3.11 Mergeable Replicated Data Types
Mergeable Replicated Data Types (MRDT) [KPSJ19; SKNS22] allow collaboration on arbitrary data types by employing a three-way merge function to deterministically reconcile concurrent updates. In contrast to Conflict-free Replicated Data Types (CRDT) [SPBZ11], MRDTs are more expressive, as they do not require operations to be commutative and they allow composition of data types, which allows MRDTs to be used for distributed version control of arbitrary data types. MRDTs allow purely functional data types to be promoted to RDTs by specifying a three-way merge function that describes conflict resolution policies.
3.11.1 MRDT store
The MRDT store is a permissioned key-value store where each value is a Certified MRDT [SKNS22]. Writers submit transactions in the store where each transaction contains one or more operations on MRDTs. The store is permissioned: writers may be restricted to perform only certain operations on certain keys, which is specified in the store configuration by the store owner.
3.11.2 MRDT middleware
The MRDT store is backed by a pub/sub topic that disseminates and stores the transactions in the store. Publishers of the topic correspond to writers of the store. Each message contains a transaction, and thus the message DAG of the topic corresponds to the transaction DAG in the store. This way transactions inherit properties of the pub/sub layer, i.e. causal delivery and Byzantine Causal Broadcast.

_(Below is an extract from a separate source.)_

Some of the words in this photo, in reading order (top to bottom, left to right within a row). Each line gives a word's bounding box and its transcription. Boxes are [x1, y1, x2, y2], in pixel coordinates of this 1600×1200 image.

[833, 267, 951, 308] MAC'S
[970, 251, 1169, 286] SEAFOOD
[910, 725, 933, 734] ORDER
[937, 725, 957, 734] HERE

Epochs in the pub/sub topic trigger a synchronization event in the topic that otherwise provides eventual synchrony of messages submitted. This enables garbage collection of transactions, and allow changing the store configuration.
Announcing a new epoch corresponds to taking a snapshot of the MRDT store. The epoch announcement contains the hash of the MRDT store contents with all its key-value pairs at the given cut in the transaction DAG. All writers who have delivered transactions up to that point sign it off by sending an acknowledgement. Once a quorum is reached, the new epoch begins with the specified store configuration.
3.11.3 MRDT execution
Transactions are executed by all writers and readers of the store, all of which are either direct or indirect subscribers of the pub/sub topic and deliver transactions in causal order.

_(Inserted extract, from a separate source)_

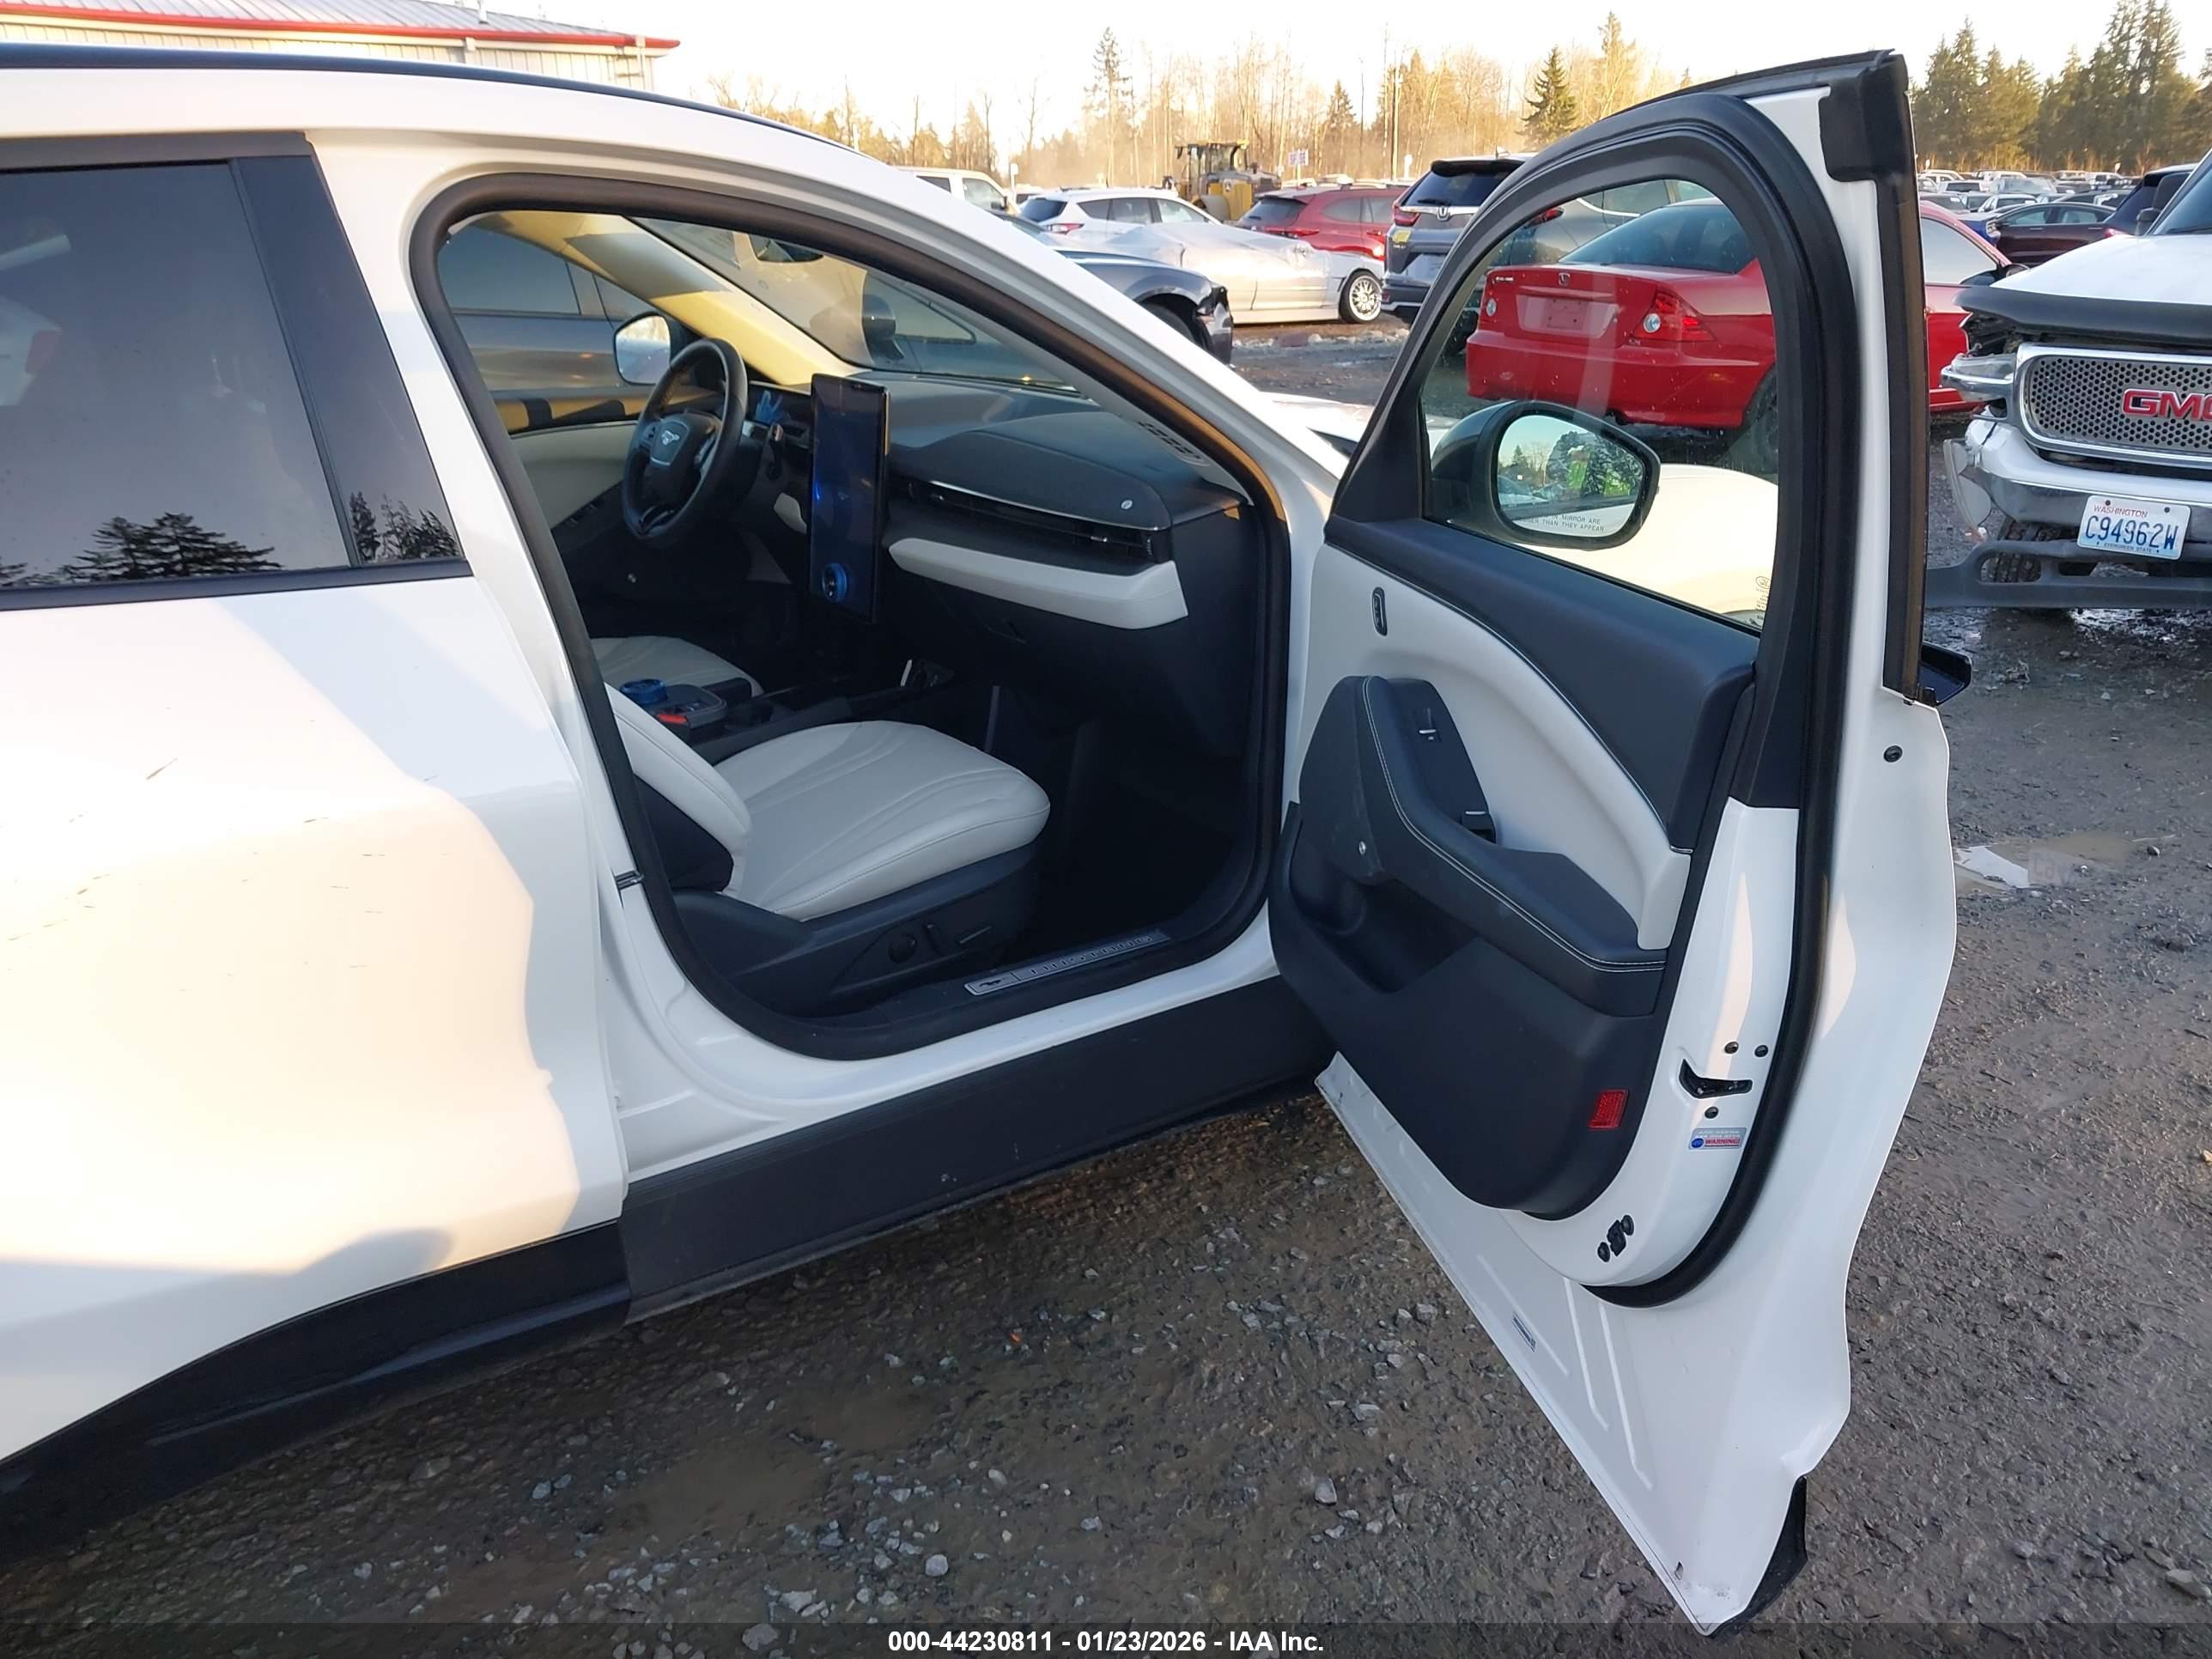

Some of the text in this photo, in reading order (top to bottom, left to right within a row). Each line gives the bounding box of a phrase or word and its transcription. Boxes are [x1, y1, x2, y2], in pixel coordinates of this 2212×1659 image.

[2122, 387, 2212, 422] GM
[2094, 504, 2148, 519] WASHINGTON
[1580, 524, 1605, 532] APPEAR
[2085, 515, 2179, 550] C94962W

When a transaction is delivered, an executor first performs validation according to the permissions of the store at the current epoch, checking whether the writer is authorized to perform the given operation on the given key, then checking whether the operation itself is valid.
After validation passed, the operation is applied to the MRDT associated with the given key. In case of concurrent updates to the same RDT by different writers, the three-way merge function of the data type is executed, which takes as argument the two conflicting states and their lowest common ancestor (LCA) in the transaction DAG, i.e. the point at which the branches started to diverge.
3.11.4 MRDT brokers
MRDT brokers are nodes that allow subscriptions to store updates to subscribers who do not perform MRDT execution themselves. Brokers offer synchronization of store snapshots, as well as push notifications of changed values. Since only snapshots are signed by a quorum, subscribers may subscribe at multiple brokers to ascertain correct execution before the next snapshot.
4 Concluding remarks
We have presented the design of the Anoma network architecture and its foundational protocols that constitute the lower layers of the protocol stack, which allow further protocols and applications to make use of them as building blocks of distributed systems protocols and applications.
The system provides cryptographic identities, sovereign domains with pluralistic interoperability, pub/sub topics for reliable causal message dissemination, MRDT stores for asynchronous collaboration on shared data types, and a decentralized name system.
Future work remains the detailed specification and evaluation of the discussed protocols.